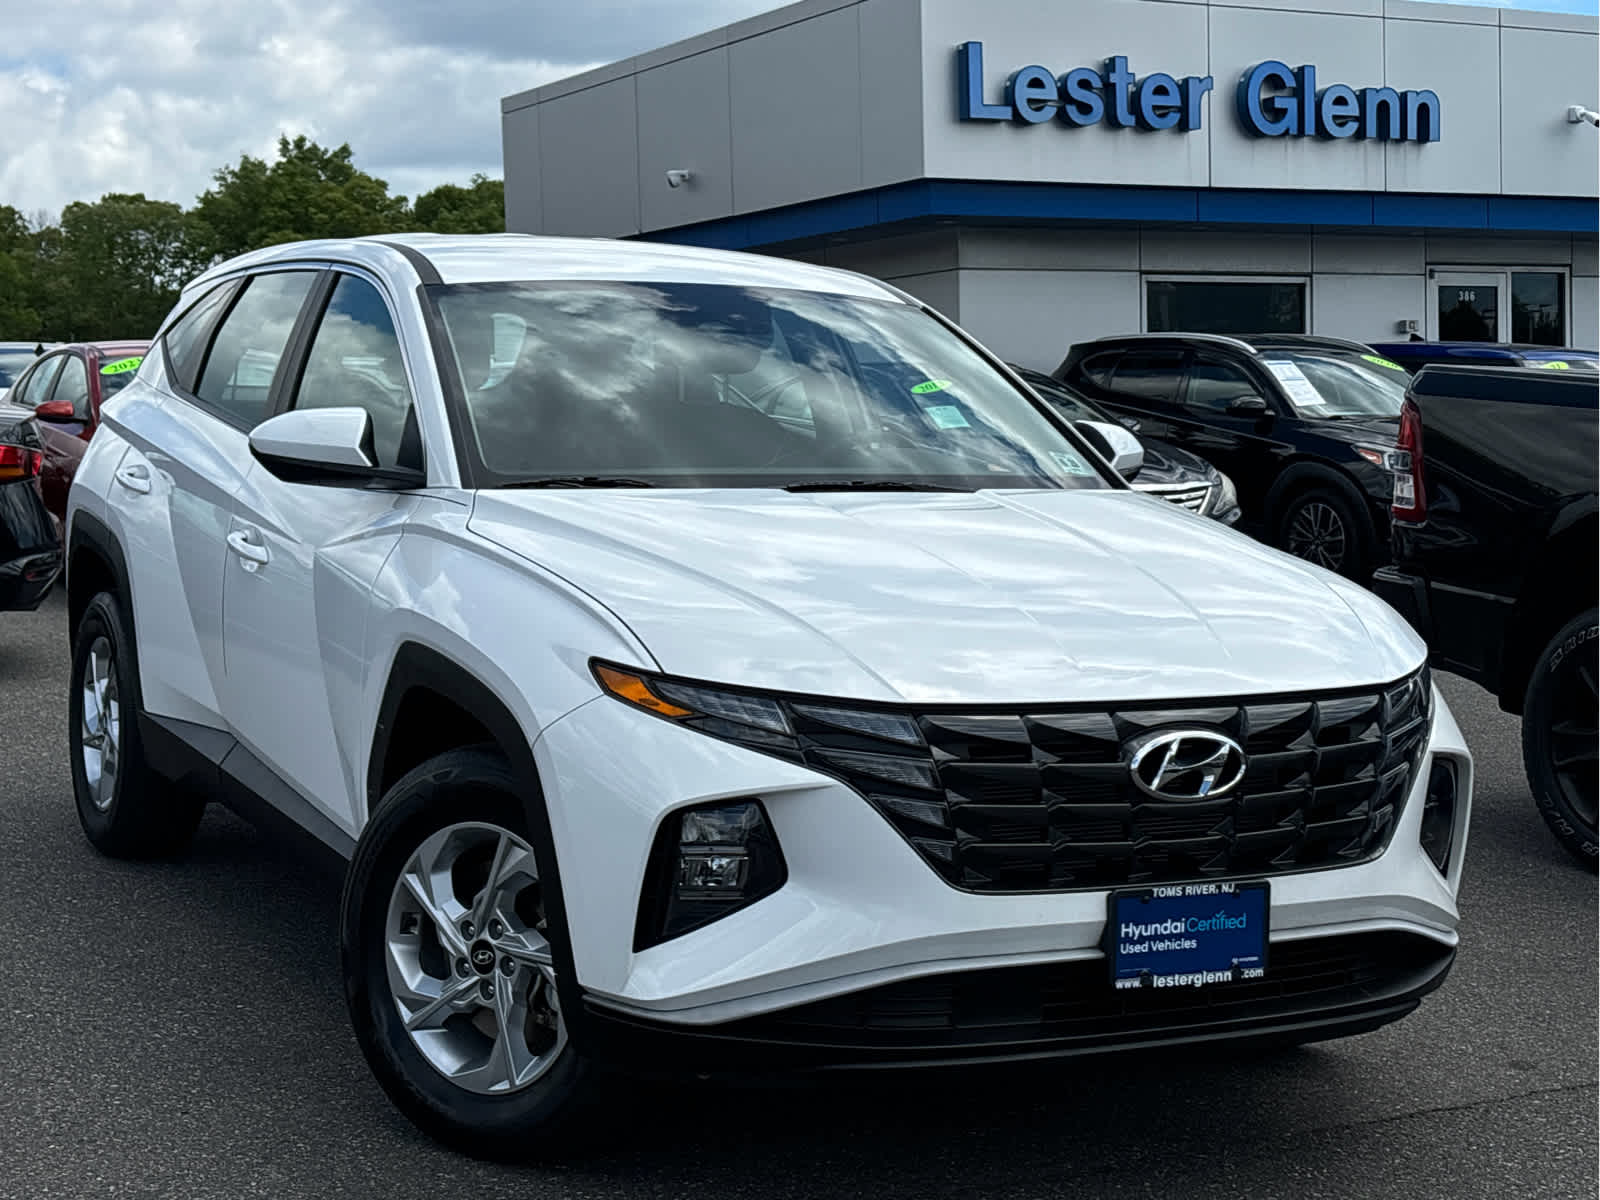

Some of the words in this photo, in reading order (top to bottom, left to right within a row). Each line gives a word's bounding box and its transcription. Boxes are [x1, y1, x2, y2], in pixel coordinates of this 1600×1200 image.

[957, 41, 1213, 131] Lester
[1237, 60, 1441, 143] Glenn
[1458, 290, 1476, 302] 386
[1152, 886, 1183, 898] TOMS
[1185, 884, 1219, 896] RIVER,
[1120, 917, 1186, 940] Hyundai
[1186, 911, 1247, 933] Certified
[1120, 940, 1149, 955] Used
[1150, 938, 1198, 952] Vehicles
[1152, 970, 1232, 988] lesterglenn
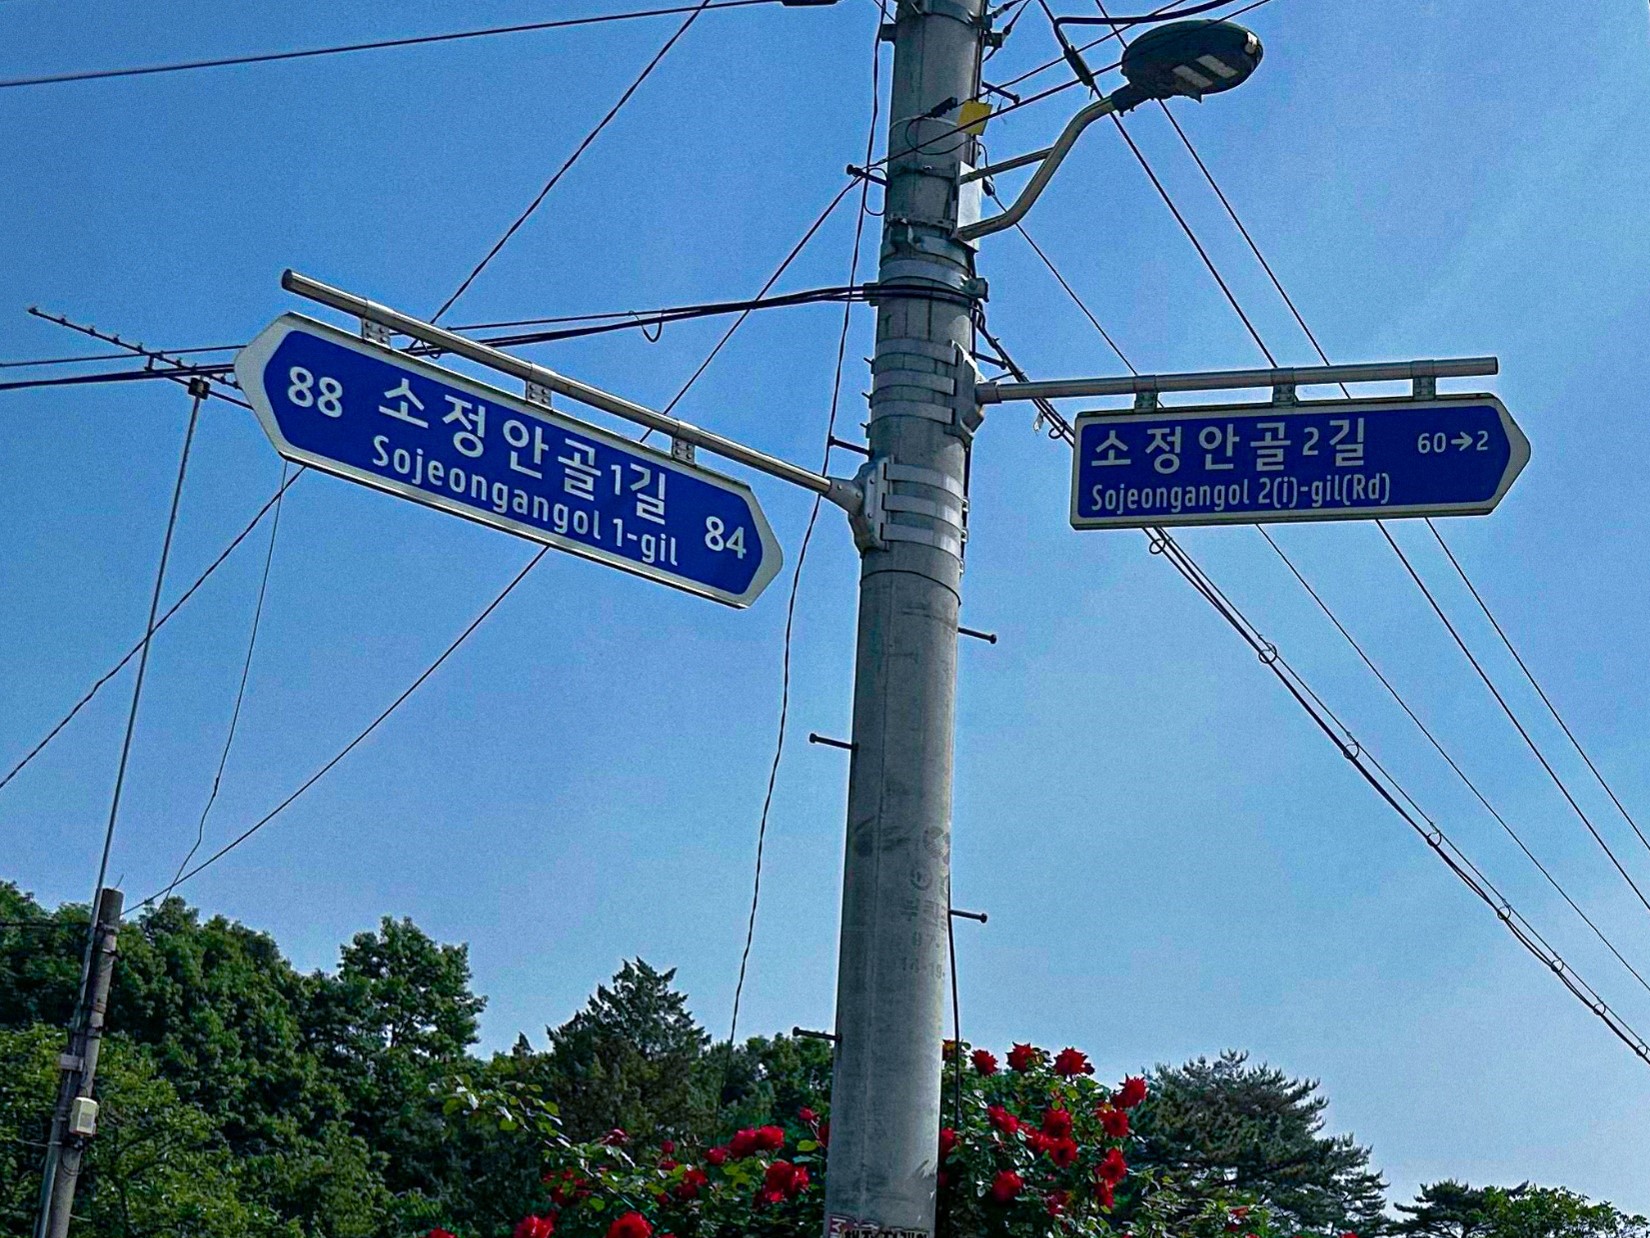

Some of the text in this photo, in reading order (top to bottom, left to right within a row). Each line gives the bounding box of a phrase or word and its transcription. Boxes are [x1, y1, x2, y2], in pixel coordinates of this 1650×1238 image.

[287, 366, 344, 419] 88
[378, 378, 667, 526] 소정안골1길
[1091, 417, 1367, 475] 소정안골2길
[372, 435, 679, 568] Sojeongangol 1-gil
[1091, 472, 1391, 514] Sojeongangol 2(i)-gil(Rd)
[704, 516, 748, 560] 84
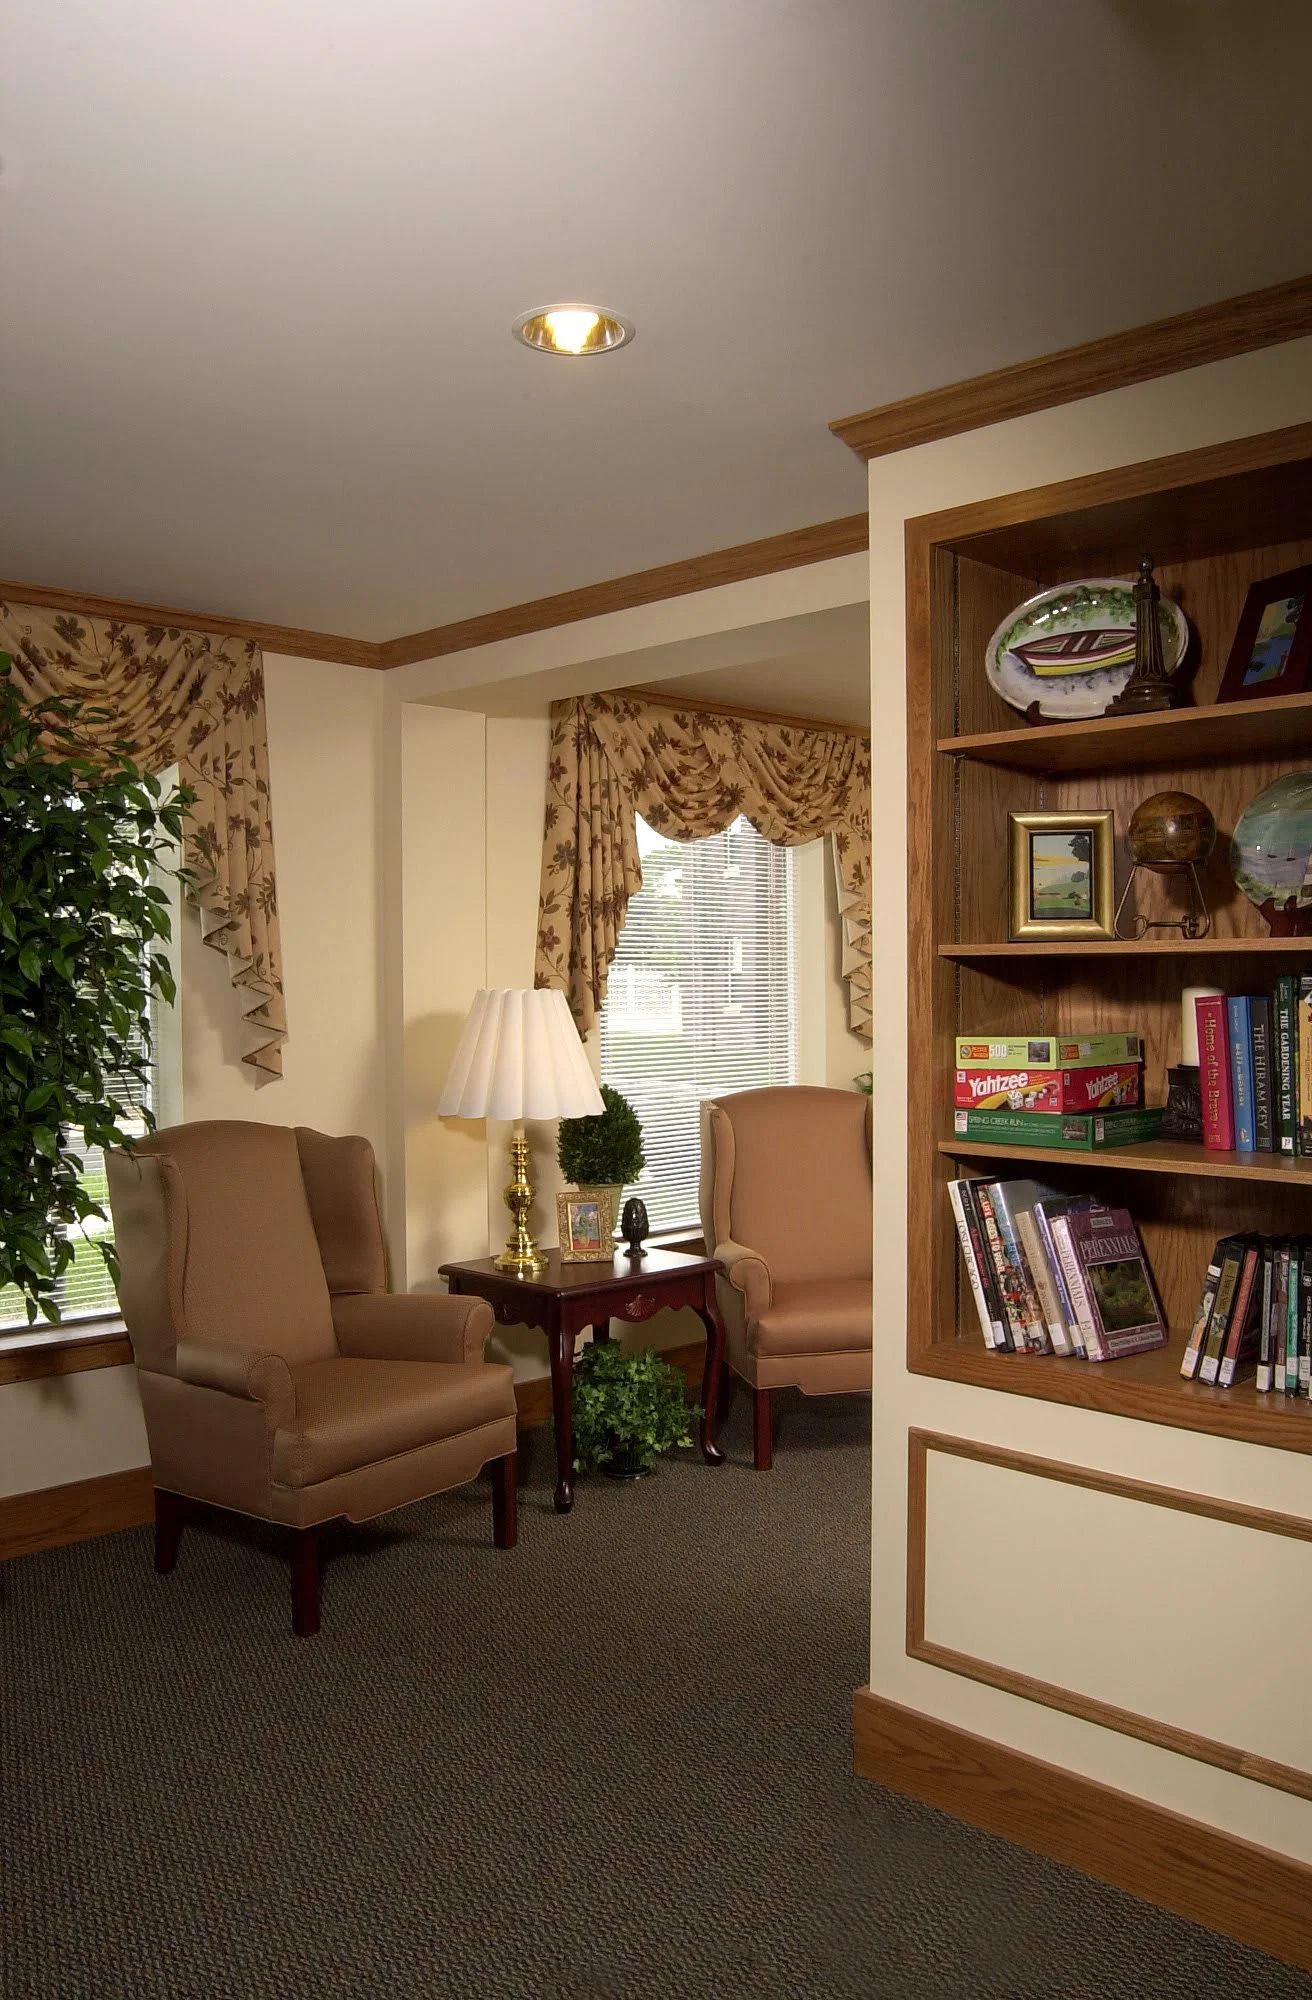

● ● ● ● ●

▶ _Your assignment_
From the line containing "Some of the text" to the final line of the entries, both included, transcribe every line exactly, omit the pictures, and add nothing more.

▶ _Solution to this exercise_
Some of the text in this photo, in reading order (top to bottom, left to right within a row). Each line gives the bounding box of a phrase or word and its transcription. Boxes are [x1, y1, x2, y2], in pixel coordinates of this 1650×1238 image.

[287, 366, 344, 419] 88
[378, 378, 667, 526] 소정안골1길
[1091, 417, 1367, 475] 소정안골2길
[372, 435, 679, 568] Sojeongangol 1-gil
[1091, 472, 1391, 514] Sojeongangol 2(i)-gil(Rd)
[704, 516, 748, 560] 84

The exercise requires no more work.